To swim or not to swim?
Recent hot weather serves as a good reminder that the end of January and right through the month of February is typically the hottest period of the year for us here in Canterbury.
These hotter temperatures make taking a dip in a nice cool swimming pool very appealing. School pools will become especially popular as the start of the school year approaches.
The main way people can become ill from a pool is through contact with infected or polluted water. Cantabrians are being urged to stay out of the water if they’ve been sick or are feeling unwell to help reduce the chances of other people getting sick.
Canterbury Medical Officer of Health Dr Ramon Pink explains that people assume chlorine will kill everything.

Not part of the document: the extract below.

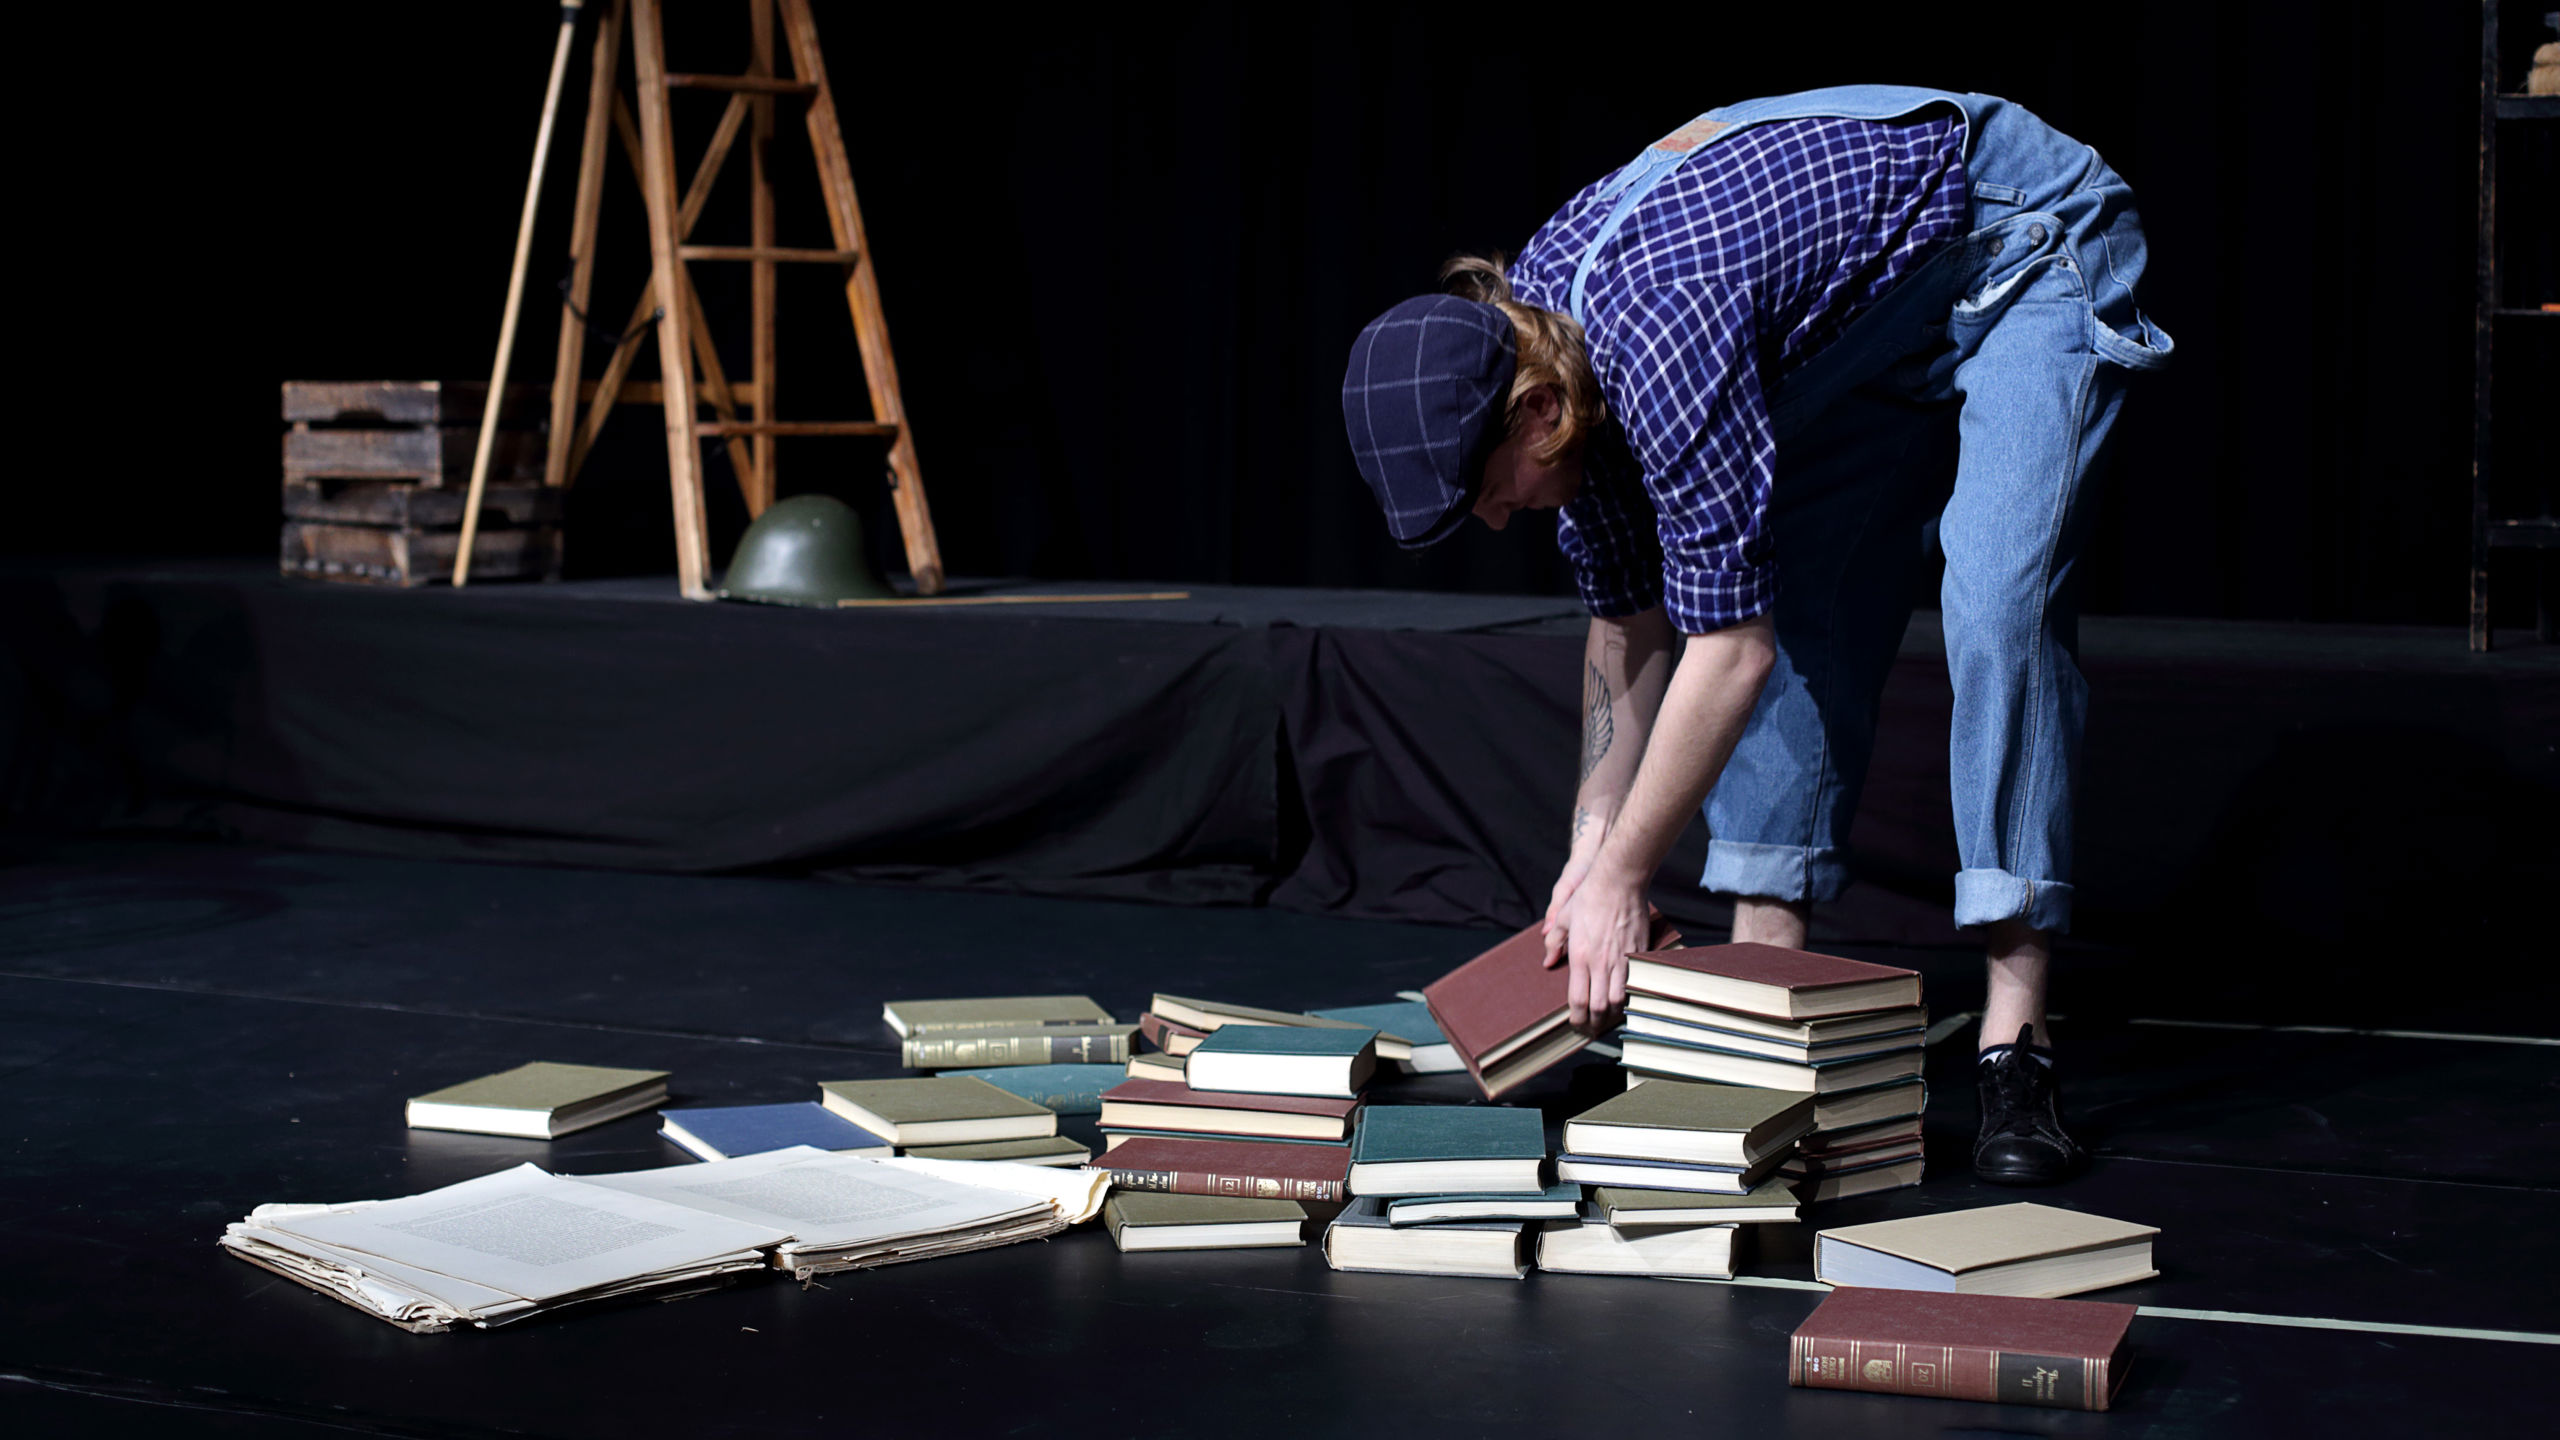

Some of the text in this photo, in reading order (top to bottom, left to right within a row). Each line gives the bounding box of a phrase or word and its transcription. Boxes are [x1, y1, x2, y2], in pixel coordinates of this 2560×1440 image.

[1225, 1181, 1235, 1191] 12
[1918, 1367, 1929, 1383] 20
[2022, 1378, 2033, 1388] II
[2048, 1369, 2059, 1400] Thomas

However Cryptosporidium and Giardia in particular are resistant to the standard chlorine dosages you find in most pools.
“People can become ill by sharing a swimming pool or spa with a person who has had a recent gastro infection and hasn’t fully recovered from the illness.
“Most people who contract gastro infections experience symptoms such as watery diarrhoea, stomach cramps and nausea, vomiting and fever. Others with weakened immune systems can develop serious chronic and sometimes fatal illness.
“These symptoms can occur on and off for weeks. This is why we are asking people to respect a stand-down period of two weeks after their symptoms subside – during which they should avoid swimming in pools or sharing a spa. This is to ensure they have fully recovered and are no longer infectious,” says Dr Pink.
Key things to remember before you go to the pool or spa
- Stay away from pools and spas for at least two weeks after you feel better.
- Always shower before entering the pool – even if you haven’t been ill.
- Report any ‘code browns’ immediately. Community pool operators can clean as needed and apply a stronger dose of chlorine to the area to make it safer.